Este artículo presenta las lecciones aprendidas por Jesse Evers al crear y dirigir Highside Workshop, un espacio comunitario multifuncional en Brooklyn, Nueva York. Fundado en 2022, este almacén de aproximadamente 230 metros cuadrados se convirtió en un lugar mágico donde gente de todas partes podía reunirse para conciertos, galerías de arte, talleres de reparación de motorcycles y popup de tatuajes, mientras también servía como hogar del autor.
La filosofía central del espacio se sostenía sobre cuatro pilares fundamentales:
Primero, la confianza: Jesse decidió tratar a todos como dignos de confianza desde el primer momento, incluso sin tener evidencia de ello. Esto significaba no ocultar objetos valiosos o delicados durante eventos, lo cual generaba un ambiente donde las personas se sentían en casa y respondían con respeto.

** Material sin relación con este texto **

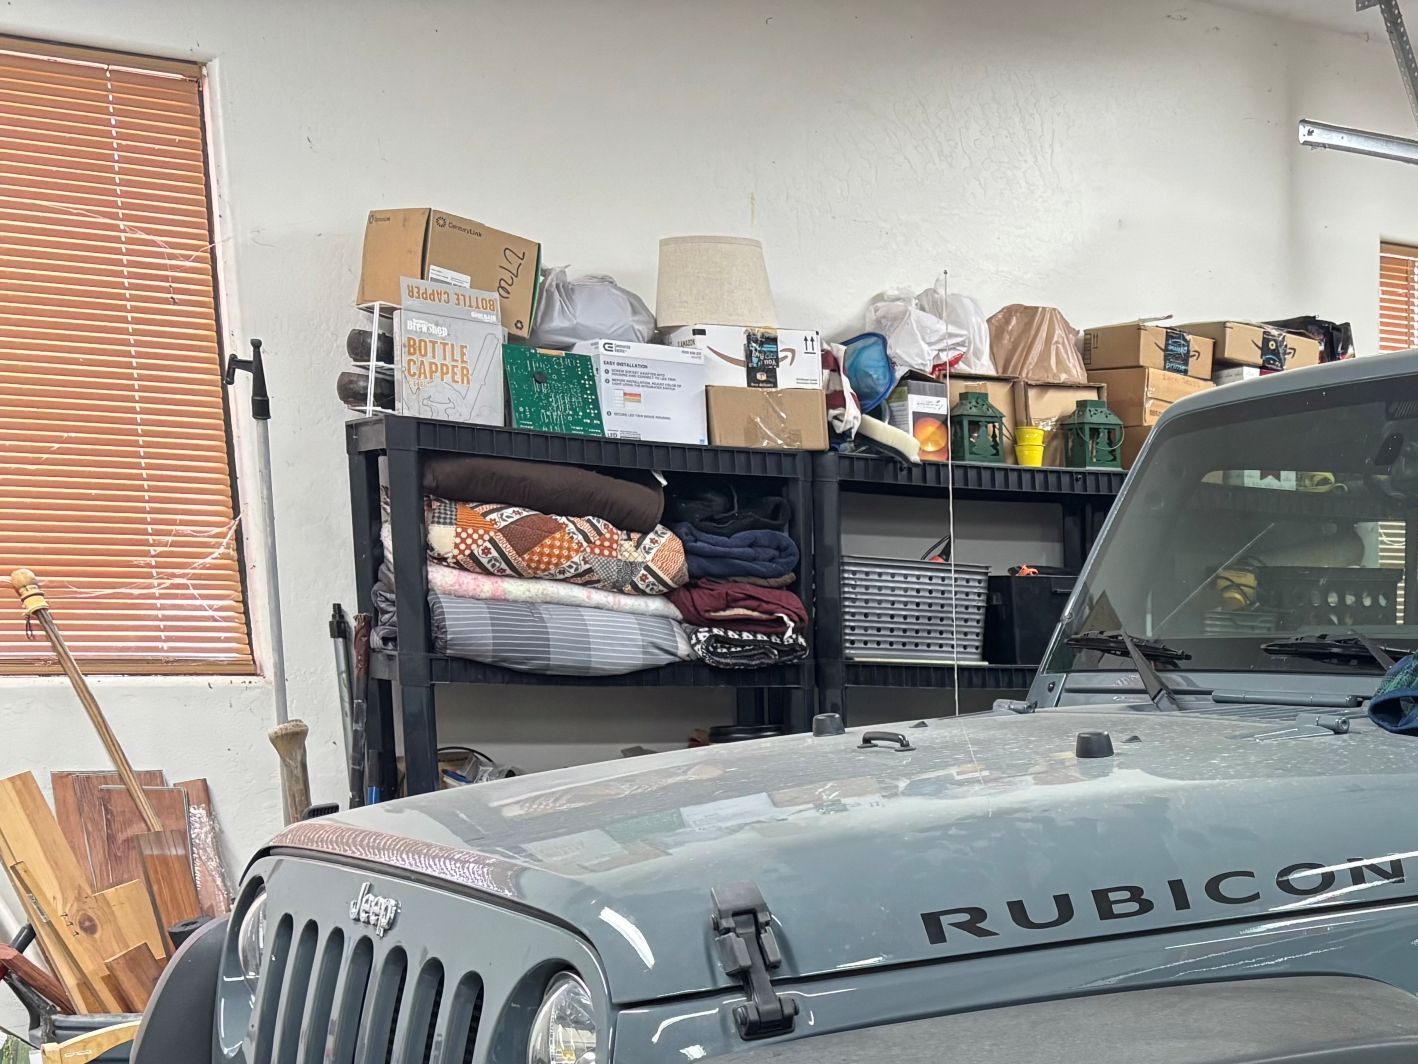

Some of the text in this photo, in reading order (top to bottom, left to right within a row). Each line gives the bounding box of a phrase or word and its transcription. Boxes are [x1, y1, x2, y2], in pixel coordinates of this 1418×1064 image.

[448, 222, 482, 238] CenturyLink
[407, 284, 497, 312] BOTTLE CAPPER
[406, 336, 469, 364] BOTTLE
[406, 358, 471, 385] CAPPER
[1166, 361, 1188, 372] prime
[349, 881, 397, 937] Jeep
[920, 857, 1406, 945] RUBICON

Segundo, el sentimiento de pertenencia: El objetivo era que cualquier persona se sintiera bienvenida en cualquier momento, no solo cuando hubiera un evento programado. Esto permitía reuniones espontáneas y que la comunidad creciera orgánicamente.
Tercero, la agencia: Muchas personas no han tenido la experiencia de intentar algo difícil y ver que sale bien. El espacio incentivaba a las personas a realizar sus propias ideas, ofreciendo apoyo logístico y emocional sin importar si el resultado sería perfecto.

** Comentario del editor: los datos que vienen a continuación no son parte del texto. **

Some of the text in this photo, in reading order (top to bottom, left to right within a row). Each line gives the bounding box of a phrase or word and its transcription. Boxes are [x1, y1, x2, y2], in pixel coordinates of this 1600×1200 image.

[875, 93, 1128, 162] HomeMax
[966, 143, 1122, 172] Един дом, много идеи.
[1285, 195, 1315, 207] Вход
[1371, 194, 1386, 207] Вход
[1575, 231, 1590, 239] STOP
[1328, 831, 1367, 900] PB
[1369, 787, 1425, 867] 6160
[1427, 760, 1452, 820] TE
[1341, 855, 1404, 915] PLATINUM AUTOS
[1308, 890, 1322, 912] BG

Cuarto, la abundancia: Las relaciones entre un espacio comunitario y sus miembros son fundamentalmente diferentes a las de un negocio tradicional. Los miembros participaban por un sentido de pertenencia genuino.
La tensión principal que finalmente llevó al cierre fue la necesidad de generar ingresos versus crear un ambiente de pertenencia que trascendiera cualquier tarifa de entrada. Highside lograba esto yendo más allá: cobrar menos de lo posible, ofrecer bebidas de calidad a precios justos, y pagar generosamente al personal.
El autor enfatiza que nunca habrá un momento perfecto para comenzar. La recomendación principal es simplemente empezar y aprender en el camino.